By Paul Mackintosh - 25/02/13

Asia Pacific private equity seems to be coming out in a litigious rash. In Australia and New Zealand, units of Japanese beverages giant Asahi Group, Asahi Holdings Australia and Independent Liquor New Zealand, have reportedly brought suits in the Australian Federal Court against leading regional buyout firms Pacific Equity Partners and Unitas Capital over the sale of local brewing asset Independent Liquor, alleging misrepresentation of the earnings of the asset when it was sold in 2011. And now, in the US, a group of private equity and other fund investors is suing Big Four accountant Deloitte Touche Tohmatsu in the Southern District of New York, over its auditing of ChinaCast Education Corp, which delisted from NASDAQ in 2012 after failing to file a 2011 annual report. The defendants in both cases are vigorously denying wrongdoing, asserting that the allegations are without merit.

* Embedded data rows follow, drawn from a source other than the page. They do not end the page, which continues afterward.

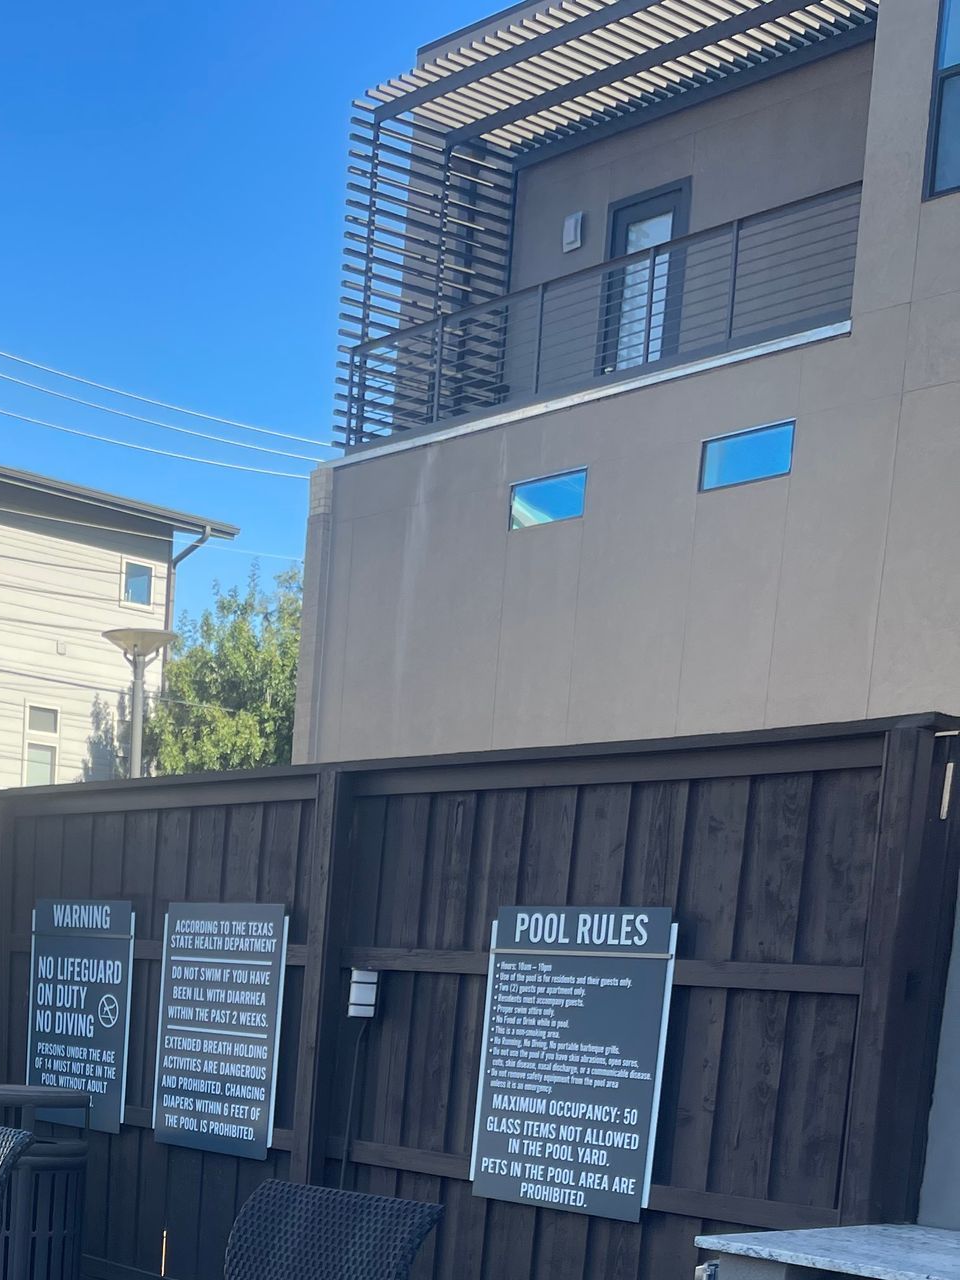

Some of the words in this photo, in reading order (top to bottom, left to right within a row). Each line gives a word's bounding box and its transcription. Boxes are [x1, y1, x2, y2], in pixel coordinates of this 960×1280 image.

[53, 904, 110, 929] WARNING
[175, 920, 218, 934] ACCORDING
[220, 921, 230, 935] TO
[232, 921, 246, 935] THE
[248, 922, 273, 936] TEXAS
[515, 913, 569, 943] POOL
[577, 914, 648, 945] RULES
[171, 935, 193, 948] STATE
[195, 936, 223, 950] HEALTH
[224, 937, 277, 952] DEPARTMENT
[38, 956, 54, 979] NO
[58, 957, 122, 984] LIFEGUARD
[172, 966, 182, 979] DO
[184, 967, 199, 980] NOT
[200, 968, 221, 982] SWIM
[223, 969, 230, 982] IF
[232, 970, 248, 983] YOU
[249, 971, 271, 985] HAVE
[37, 983, 53, 1006] ON
[56, 984, 87, 1009] DUTY
[173, 986, 192, 1000] BEEN
[194, 987, 204, 1001] ILL
[207, 988, 226, 1002] WITH
[227, 990, 266, 1006] DIARRHEA
[36, 1009, 51, 1032] NO
[55, 1011, 94, 1037] DIVING
[168, 1006, 193, 1020] WITHIN
[195, 1008, 209, 1021] THE
[211, 1009, 231, 1023] PAST
[232, 1011, 238, 1024] 2
[240, 1012, 268, 1027] WEEKS.
[37, 1042, 65, 1057] PERSONS
[66, 1046, 87, 1060] UNDER
[89, 1048, 101, 1061] THE
[102, 1050, 115, 1063] AGE
[165, 1036, 201, 1051] EXTENDED
[203, 1040, 232, 1055] BREATH
[233, 1043, 268, 1059] HOLDING
[35, 1057, 43, 1068] OF
[45, 1058, 51, 1070] 14
[53, 1059, 71, 1072] MUST
[72, 1062, 85, 1074] NOT
[86, 1064, 94, 1076] BE
[95, 1065, 102, 1077] IN
[104, 1066, 116, 1079] THE
[163, 1055, 201, 1072] ACTIVITIES
[203, 1060, 218, 1074] ARE
[220, 1062, 266, 1080] DANGEROUS
[42, 1073, 57, 1086] POOL
[59, 1075, 86, 1090] WITHOUT
[87, 1079, 107, 1094] ADULT
[161, 1074, 177, 1088] AND
[178, 1076, 223, 1095] PROHIBITED.
[225, 1083, 265, 1101] CHANGING
[163, 1094, 193, 1110] DIAPERS
[196, 1099, 222, 1115] WITHIN
[223, 1103, 228, 1116] 6
[230, 1104, 249, 1119] FEET
[250, 1106, 261, 1121] OF
[492, 1094, 546, 1114] MAXIMUM
[549, 1100, 620, 1123] OCCUPANCY:
[623, 1108, 638, 1125] 50
[165, 1113, 178, 1128] THE
[179, 1116, 198, 1131] POOL
[200, 1120, 207, 1132] IS
[209, 1121, 255, 1141] PROHIBITED.
[487, 1116, 521, 1134] GLASS
[523, 1121, 556, 1139] ITEMS
[559, 1125, 583, 1142] NOT
[584, 1128, 639, 1149] ALLOWED
[508, 1138, 520, 1154] IN
[523, 1140, 543, 1157] THE
[545, 1143, 573, 1161] POOL
[578, 1147, 609, 1166] YARD.
[481, 1157, 507, 1175] PETS
[510, 1161, 522, 1177] IN
[525, 1163, 545, 1180] THE
[547, 1167, 575, 1185] POOL
[578, 1172, 608, 1190] AREA
[612, 1177, 636, 1194] ARE
[520, 1182, 587, 1207] PROHIBITED.

I’m not about to pass judgment myself on the merits of either case. The reported statement by Atsushi Katsuki, Asahi Holdings Australia MD, that Asahi both did its own thorough due diligence (DD) during the sale and relied on the data provided by the sellers seems somewhat schizophrenic, though. Surely the point of DD is that you don’t rely on the seller’s numbers, but do your own checks? And surely inflating earnings, the alleged wrongdoing, is exactly what buyers should be most alert for? In the Deloitte/ChinaCast case, remember that auditors are required to audit, but not necessarily to do detailed DD.

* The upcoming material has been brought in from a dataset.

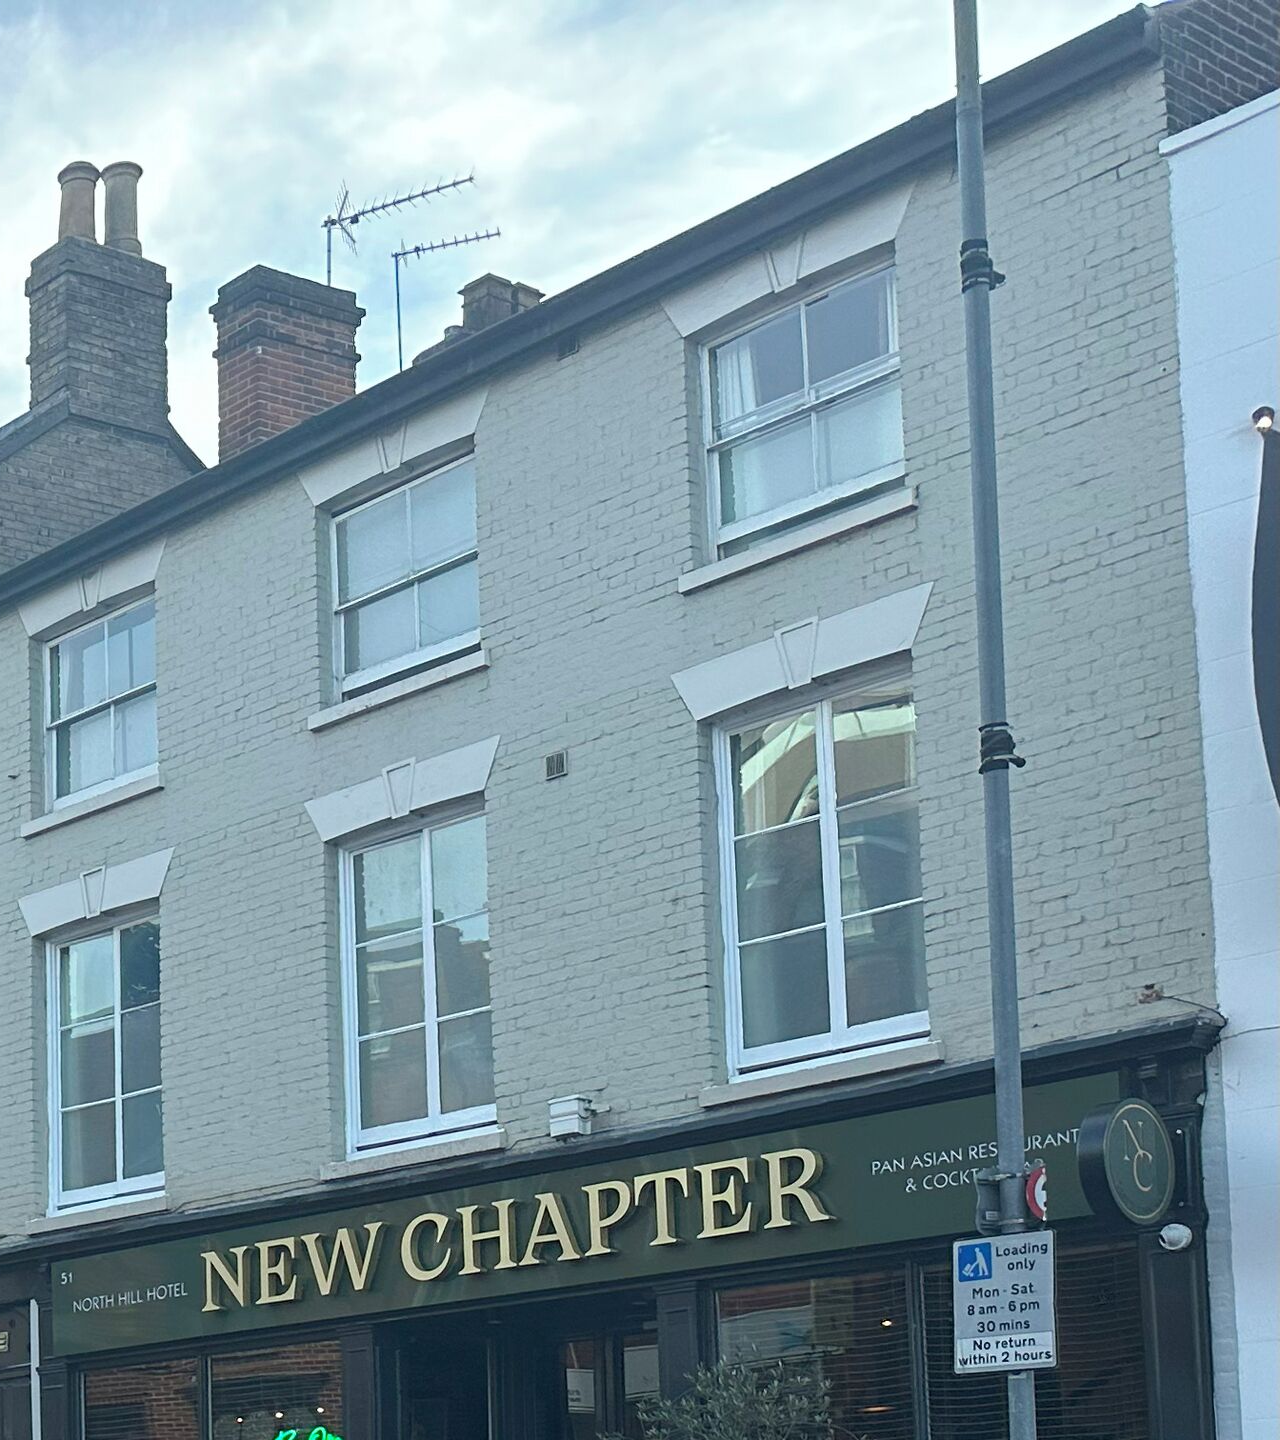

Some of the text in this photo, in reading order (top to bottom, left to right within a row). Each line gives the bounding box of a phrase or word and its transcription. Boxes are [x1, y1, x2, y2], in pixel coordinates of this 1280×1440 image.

The cases do highlight, though, that for Asia Pacific assets of all kinds, buyers and investors need to tread carefully. They also highlight the dangers of letting greed get away from you when chasing Asian growth. Japanese companies in particular have been preferred buyers in trade sales for years, with a reputation for overpayment dating back to SoftBank, as they seek to buy growth outside moribund Japan. It illustrates the old adage that something is worth what you are willing to pay for it, and rosy expectations can really skew your sums. As for China, cross-border structuring, relation of offshore vehicles to underlying assets in the PRC, international enforcement and access to Chinese company information have been grey areas that investors have worked through for years to gain access to underlying growth. Investors should know that story well enough by now.

So pay in haste but repent at leisure, and don’t expect the courts to heal your buyer’s remorse.